◆ **Provided entries**

◇ ◇ ◇ ◇ ◇

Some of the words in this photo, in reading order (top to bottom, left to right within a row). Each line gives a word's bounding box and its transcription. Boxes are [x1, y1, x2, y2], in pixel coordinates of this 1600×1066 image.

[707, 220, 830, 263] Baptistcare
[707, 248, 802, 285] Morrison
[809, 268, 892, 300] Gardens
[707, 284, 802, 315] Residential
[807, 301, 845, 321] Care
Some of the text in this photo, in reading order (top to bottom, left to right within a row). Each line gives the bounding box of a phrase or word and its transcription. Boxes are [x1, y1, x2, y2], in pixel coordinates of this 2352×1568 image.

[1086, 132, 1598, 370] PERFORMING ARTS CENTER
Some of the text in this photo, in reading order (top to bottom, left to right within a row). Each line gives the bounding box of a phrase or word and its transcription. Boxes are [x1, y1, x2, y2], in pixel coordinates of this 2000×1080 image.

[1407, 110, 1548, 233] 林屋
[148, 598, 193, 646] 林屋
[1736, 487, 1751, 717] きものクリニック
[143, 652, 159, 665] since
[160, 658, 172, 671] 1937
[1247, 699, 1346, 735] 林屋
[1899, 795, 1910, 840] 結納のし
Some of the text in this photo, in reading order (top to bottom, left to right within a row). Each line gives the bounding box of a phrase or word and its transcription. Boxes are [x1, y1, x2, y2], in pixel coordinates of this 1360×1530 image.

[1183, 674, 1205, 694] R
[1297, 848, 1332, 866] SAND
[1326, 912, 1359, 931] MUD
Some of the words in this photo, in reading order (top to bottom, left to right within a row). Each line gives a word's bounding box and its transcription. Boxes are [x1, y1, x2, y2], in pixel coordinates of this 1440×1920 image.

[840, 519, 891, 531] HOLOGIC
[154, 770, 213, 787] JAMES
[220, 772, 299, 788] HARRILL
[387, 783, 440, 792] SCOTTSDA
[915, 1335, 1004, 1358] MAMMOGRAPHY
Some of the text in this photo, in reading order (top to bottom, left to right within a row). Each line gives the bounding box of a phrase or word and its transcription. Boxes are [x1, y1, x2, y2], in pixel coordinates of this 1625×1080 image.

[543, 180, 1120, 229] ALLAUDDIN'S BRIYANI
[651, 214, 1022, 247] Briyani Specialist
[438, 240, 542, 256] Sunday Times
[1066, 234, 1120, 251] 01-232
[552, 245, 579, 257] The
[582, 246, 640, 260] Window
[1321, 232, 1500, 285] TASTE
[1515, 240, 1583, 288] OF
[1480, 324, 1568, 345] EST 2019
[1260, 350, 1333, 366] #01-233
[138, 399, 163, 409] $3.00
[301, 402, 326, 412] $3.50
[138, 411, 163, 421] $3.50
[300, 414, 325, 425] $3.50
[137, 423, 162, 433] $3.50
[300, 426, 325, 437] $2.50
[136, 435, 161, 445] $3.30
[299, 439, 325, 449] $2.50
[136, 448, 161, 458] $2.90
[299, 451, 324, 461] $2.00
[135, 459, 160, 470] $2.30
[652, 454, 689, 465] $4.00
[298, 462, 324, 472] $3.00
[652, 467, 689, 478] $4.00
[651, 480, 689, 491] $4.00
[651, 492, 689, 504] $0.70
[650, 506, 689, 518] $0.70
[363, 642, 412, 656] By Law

◇ ◇ ◇ ◇ ◇

◆ **Exercise prompt**
Reproduce the records in full, exactly as written.

◆ **Answer to this task**
Some of the words in this photo, in reading order (top to bottom, left to right within a row). Each line gives a word's bounding box and its transcription. Boxes are [x1, y1, x2, y2], in pixel coordinates of this 1600×1066 image.

[707, 220, 830, 263] Baptistcare
[707, 248, 802, 285] Morrison
[809, 268, 892, 300] Gardens
[707, 284, 802, 315] Residential
[807, 301, 845, 321] Care
Some of the text in this photo, in reading order (top to bottom, left to right within a row). Each line gives the bounding box of a phrase or word and its transcription. Boxes are [x1, y1, x2, y2], in pixel coordinates of this 2352×1568 image.

[1086, 132, 1598, 370] PERFORMING ARTS CENTER
Some of the text in this photo, in reading order (top to bottom, left to right within a row). Each line gives the bounding box of a phrase or word and its transcription. Boxes are [x1, y1, x2, y2], in pixel coordinates of this 2000×1080 image.

[1407, 110, 1548, 233] 林屋
[148, 598, 193, 646] 林屋
[1736, 487, 1751, 717] きものクリニック
[143, 652, 159, 665] since
[160, 658, 172, 671] 1937
[1247, 699, 1346, 735] 林屋
[1899, 795, 1910, 840] 結納のし
Some of the text in this photo, in reading order (top to bottom, left to right within a row). Each line gives the bounding box of a phrase or word and its transcription. Boxes are [x1, y1, x2, y2], in pixel coordinates of this 1360×1530 image.

[1183, 674, 1205, 694] R
[1297, 848, 1332, 866] SAND
[1326, 912, 1359, 931] MUD
Some of the words in this photo, in reading order (top to bottom, left to right within a row). Each line gives a word's bounding box and its transcription. Boxes are [x1, y1, x2, y2], in pixel coordinates of this 1440×1920 image.

[840, 519, 891, 531] HOLOGIC
[154, 770, 213, 787] JAMES
[220, 772, 299, 788] HARRILL
[387, 783, 440, 792] SCOTTSDA
[915, 1335, 1004, 1358] MAMMOGRAPHY
Some of the text in this photo, in reading order (top to bottom, left to right within a row). Each line gives the bounding box of a phrase or word and its transcription. Boxes are [x1, y1, x2, y2], in pixel coordinates of this 1625×1080 image.

[543, 180, 1120, 229] ALLAUDDIN'S BRIYANI
[651, 214, 1022, 247] Briyani Specialist
[438, 240, 542, 256] Sunday Times
[1066, 234, 1120, 251] 01-232
[552, 245, 579, 257] The
[582, 246, 640, 260] Window
[1321, 232, 1500, 285] TASTE
[1515, 240, 1583, 288] OF
[1480, 324, 1568, 345] EST 2019
[1260, 350, 1333, 366] #01-233
[138, 399, 163, 409] $3.00
[301, 402, 326, 412] $3.50
[138, 411, 163, 421] $3.50
[300, 414, 325, 425] $3.50
[137, 423, 162, 433] $3.50
[300, 426, 325, 437] $2.50
[136, 435, 161, 445] $3.30
[299, 439, 325, 449] $2.50
[136, 448, 161, 458] $2.90
[299, 451, 324, 461] $2.00
[135, 459, 160, 470] $2.30
[652, 454, 689, 465] $4.00
[298, 462, 324, 472] $3.00
[652, 467, 689, 478] $4.00
[651, 480, 689, 491] $4.00
[651, 492, 689, 504] $0.70
[650, 506, 689, 518] $0.70
[363, 642, 412, 656] By Law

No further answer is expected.